Directions: Give the entries again, word for word.

---

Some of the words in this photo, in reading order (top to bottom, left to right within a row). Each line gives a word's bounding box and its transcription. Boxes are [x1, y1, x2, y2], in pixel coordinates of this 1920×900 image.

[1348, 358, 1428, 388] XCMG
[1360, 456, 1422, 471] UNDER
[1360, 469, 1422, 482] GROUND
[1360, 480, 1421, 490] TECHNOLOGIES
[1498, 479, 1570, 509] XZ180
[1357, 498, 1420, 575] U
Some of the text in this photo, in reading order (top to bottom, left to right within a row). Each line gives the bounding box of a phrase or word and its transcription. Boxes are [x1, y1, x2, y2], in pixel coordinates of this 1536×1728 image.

---

Your response:
Some of the words in this photo, in reading order (top to bottom, left to right within a row). Each line gives a word's bounding box and its transcription. Boxes are [x1, y1, x2, y2], in pixel coordinates of this 1920×900 image.

[1348, 358, 1428, 388] XCMG
[1360, 456, 1422, 471] UNDER
[1360, 469, 1422, 482] GROUND
[1360, 480, 1421, 490] TECHNOLOGIES
[1498, 479, 1570, 509] XZ180
[1357, 498, 1420, 575] U
Some of the text in this photo, in reading order (top to bottom, left to right within a row). Each line gives the bounding box of a phrase or word and its transcription. Boxes are [x1, y1, x2, y2], in pixel coordinates of this 1536×1728 image.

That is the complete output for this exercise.